Bob Dylan once introduced this album's opening song, "Tangled Up in Blue," onstage as taking him 10 years to live and two years to write. It was, for him, a pointed reference to the personal crisis – the collapse of his marriage to Sara Lowndes – that at least partly inspired this album, Dylan's best of the 1970s. In fact, he wrote all of these lyrically piercing, gingerly majestic songs in two months, in mid-1974. He was so proud of them that he privately auditioned almost all of the album, from start to finish, for pals and peers including Mike Bloomfield, David Crosby and Graham Nash before cutting them in September – in just a week, with members of the bluegrass band Deliverance. But in December, Dylan played the record for his brother David in Minneapolis, who suggested recutting some songs with local musicians. The final Blood was a mix of the slow, pensive New York sessions and the faster, wilder Minneapolis dates. Together, they frame the gritty anguish in some of Dylan's most passionate, confessional songs – from adult breakup ballads like "If You See Her, Say Hello" to the sharp-tongued opprobrium of "Idiot Wind," his greatest put-down song since "Like a Rolling Stone." "It's hard for me to relate to people enjoying that type of pain," Dylan said after the album became an instant success. Yet he had never turned so much pain into so much musical splendor.

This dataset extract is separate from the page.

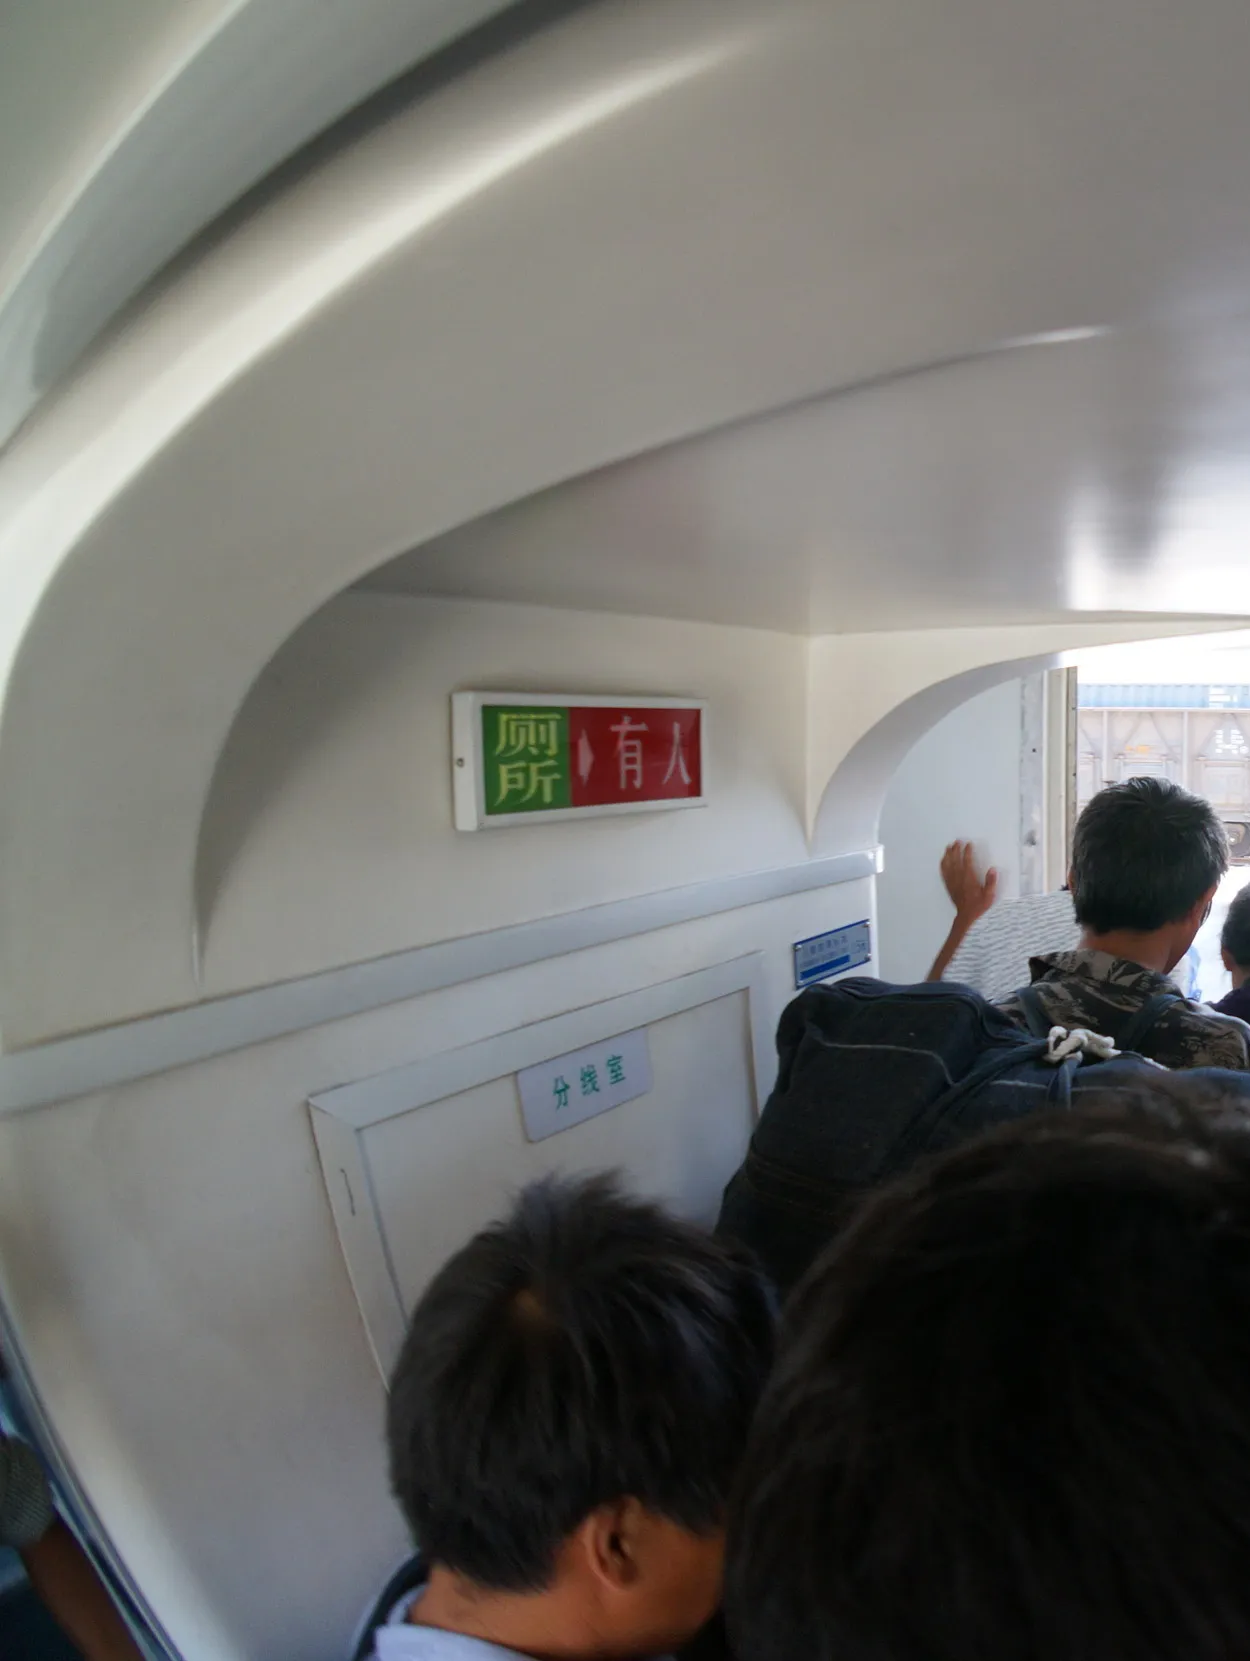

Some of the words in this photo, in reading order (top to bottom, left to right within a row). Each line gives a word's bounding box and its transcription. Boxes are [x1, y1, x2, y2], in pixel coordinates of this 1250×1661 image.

This is what Britain sounded like in late 1966 and early 1967: ablaze with rainbow blues, orchestral guitar feedback and the personal cosmic vision of black American émigré Jimi Hendrix. Rescued from dead-end gigs in New York by ex-Animal Chas Chandler, Hendrix arrived in London in September 1966, quickly formed the Experience with bassist Noel Redding and drummer Mitch Mitchell and in a matter of weeks was recording the songs that comprised his epochal debut – which stands four and a half decades later as rock's most innovative and expressive guitar record. Hendrix's incendiary playing was historic in itself, the luminescent sum of his chitlin-circuit labors in the early Sixties with Little Richard and the Isley Brothers and his melodic exploitation of amp howl. But it was the pictorial heat of songs like "Manic Depression," "I Don't Live Today" and "The Wind Cries Mary" that established the transcendent promise of psychedelia. Hendrix made soul music for inner space. "It's a collection of free feeling and imagination," he said of the album. "Imagination is very important." Widely assumed to be about an acid trip, "Purple Haze" had "nothing to do with drugs," Hendrix insisted. "'Purple Haze' was all about a dream I had that I was walking under the sea."

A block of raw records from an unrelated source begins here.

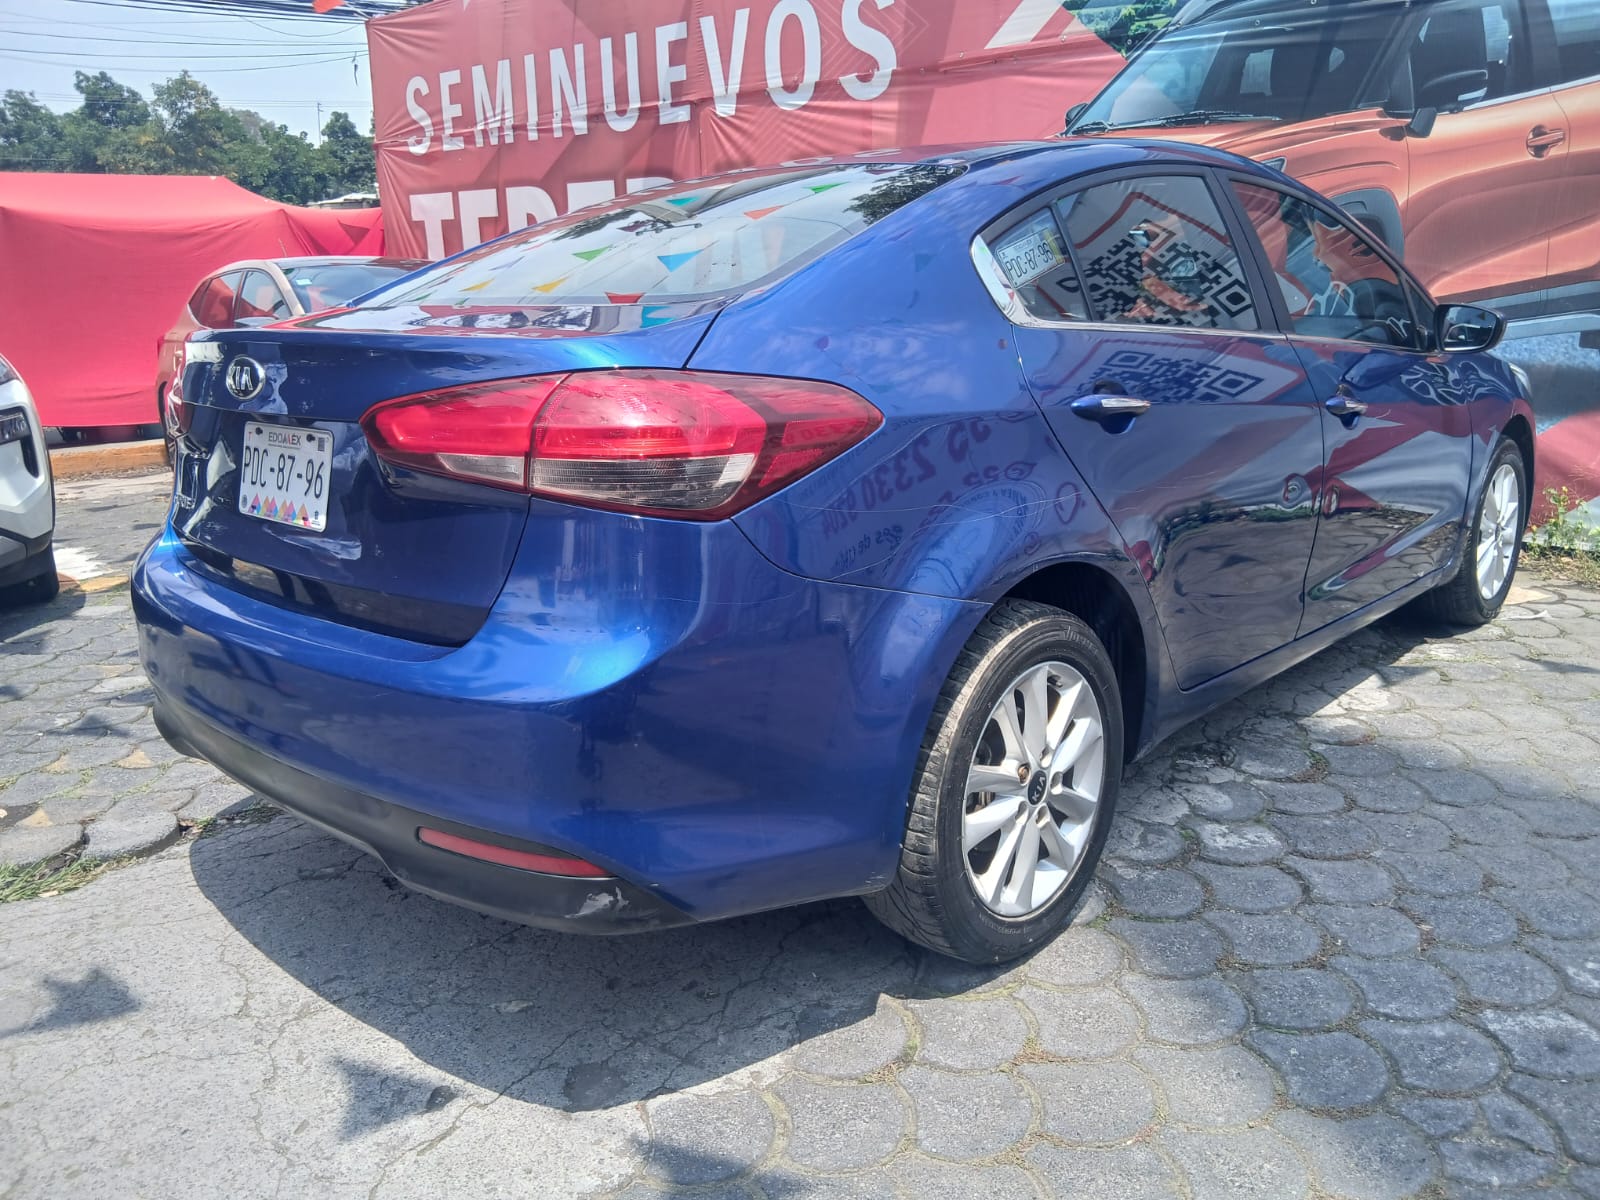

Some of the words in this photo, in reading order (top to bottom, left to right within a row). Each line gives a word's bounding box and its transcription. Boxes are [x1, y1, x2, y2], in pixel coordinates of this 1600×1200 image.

[405, 0, 898, 156] SEMINUEVOS
[1005, 242, 1053, 280] PDC-87-96
[228, 366, 254, 391] KIA
[242, 445, 325, 499] PDC-87-96
[1032, 776, 1046, 802] KIA
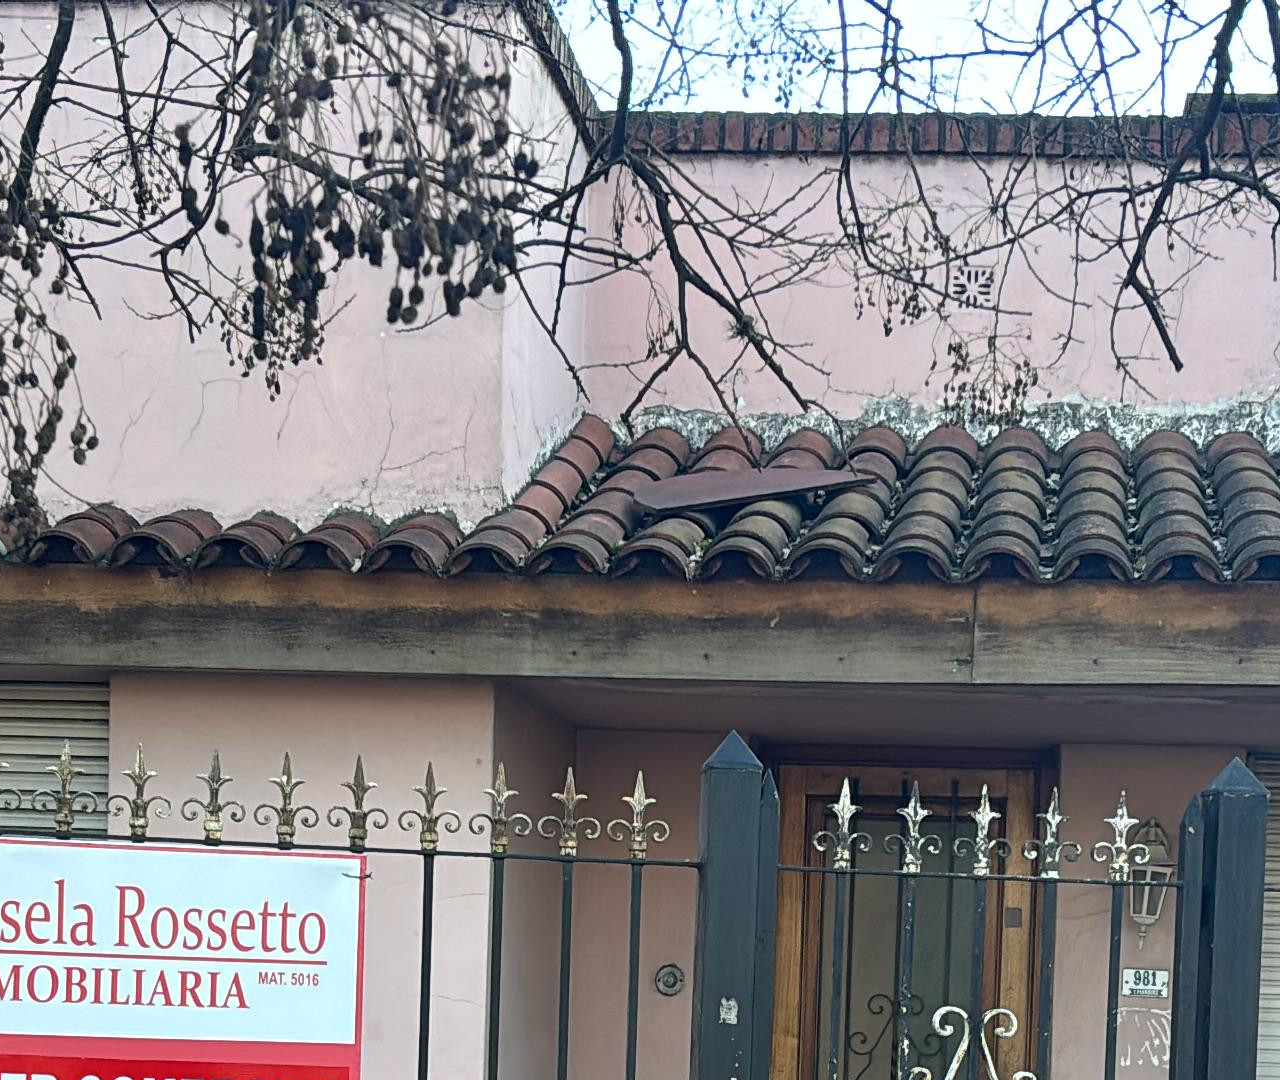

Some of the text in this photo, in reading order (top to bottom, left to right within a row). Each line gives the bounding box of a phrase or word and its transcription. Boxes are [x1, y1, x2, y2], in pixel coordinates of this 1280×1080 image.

[114, 885, 328, 955] Rossetto
[257, 971, 320, 988] MAT. 5016
[1133, 970, 1157, 986] 981

"It was a very happy record," said producer George Martin. "I guess it was happy because everybody thought it was going to be the last." Abbey Road – recorded mostly in two months during the summer of 1969 – almost never got made at all. That January, the Beatles were on the verge of a breakup, exhausted and angry with one another after the disastrous sessions for the aborted Get Back LP, later salvaged as Let It Be [see No. 392]. Determined to go out with a sense of recaptured glory, the group reconvened at EMI's Abbey Road Studios to make its most polished album: a collection of superb songs cut with an attention to refined detail, then segued together (especially on Side Two) with conceptual force. There was no thematic link, other than the Beatles' unique genius. John Lennon veered from the stormy metal of "I Want You (She's So Heavy)" to the exquisite vocal sunrise of "Because." Paul McCartney was saucy ("Oh! Darling"), silly ("Maxwell's Silver Hammer") and deliciously bitter ("You Never Give Me Your Money"). George Harrison proved his long-secret worth as a composer with "Something" and the folk-pop diamond "Here Comes the Sun," written in his friend Eric Clapton's garden while playing hooky from a business meeting. And Lennon, McCartney and Harrison reputedly sang more three-part harmony here than on any other Beatles album. Let It Be was the group's final release, but this album was its real goodbye.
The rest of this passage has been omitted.